After receiving authorisation from the Cabinet, Spanish watchdog CNMV has approved the takeover SIX’s bid for BME. It says it considers that the terms of the bid have been adapted to current standards, while the contents of the prospectus submitted, after the latest amendments on 25 March 2020, are sufficient. SIX is offering €33.4 per share. The acceptance period is 43 calendar days from the business day following the publication of the takeover announcement. The offer is subject to a minimum acceptance level of at least 50% of BME’s capital plus one share. SIX will not demand a compulsory sale unless the free capital remaining on the market is below 5%.
One of the major new features of the transaction is SIX’s commitment to maintaining BME’s activities and locations in Spain for 10 years, as opposed to the initial four years. In addition, the Swiss group intends to combine the main operations of SIX x-clear and BME Clearing in Spain. That said, this is subject to a detailed analysis of regulatory, legal and operational factors.
In a statement, SIX acknowledged that although no decision has been taken, it is likely that BME’s dividend pay-out (percentage of profit that goes to dividends) will decrease in the future. Its current payout is 96%. It is also possible that the number of annual dividend distributions will change.

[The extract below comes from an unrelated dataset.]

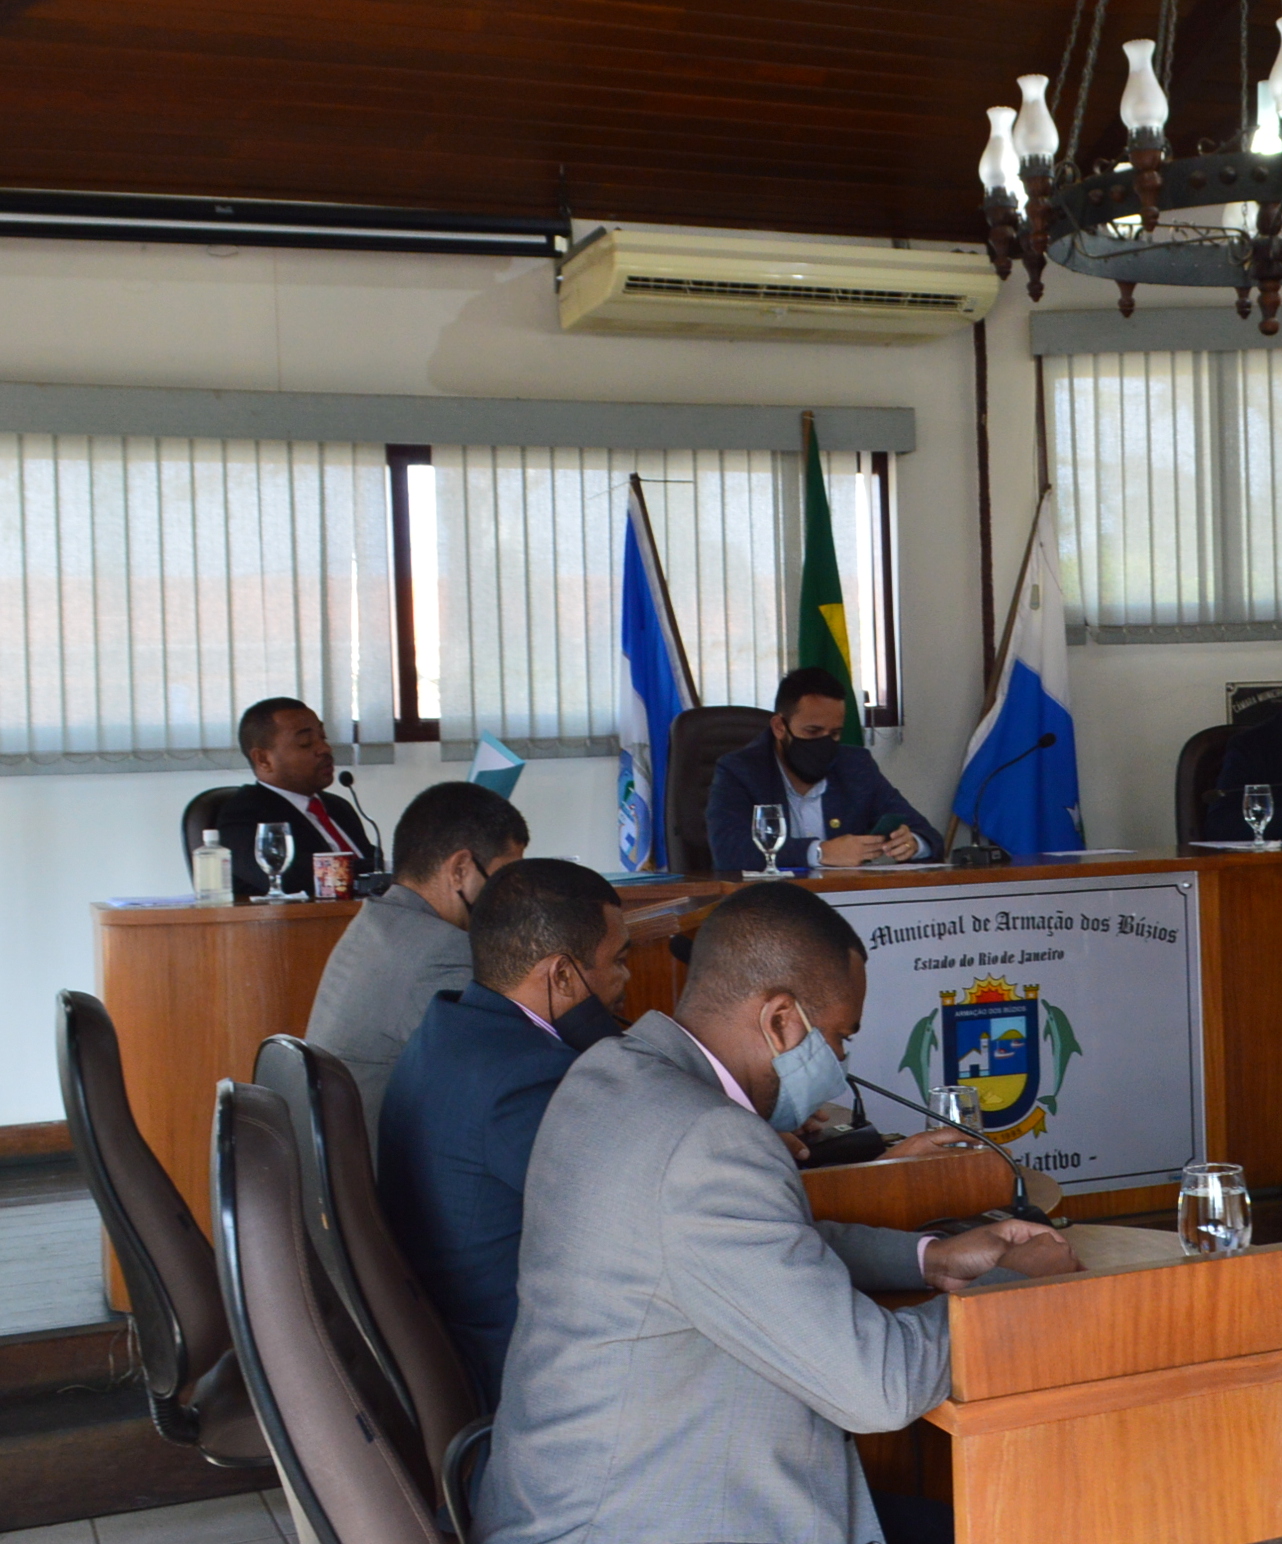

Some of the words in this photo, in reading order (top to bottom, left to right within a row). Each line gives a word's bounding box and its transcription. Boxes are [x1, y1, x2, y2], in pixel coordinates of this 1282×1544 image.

Bankinter’s analysts recommend accepting the takeover bid, waiting until the end of the approval period in case Euronext or another operator launches an offer at a higher price. SIX’s offer was favourably evaluated by BME’s Board of Directors. They consider the price reasonably reflects the current value of the group’s business. And they also view positively SIX’s commitment to preserve the integrity and stability of the Spanish markets, systems and infrastructures.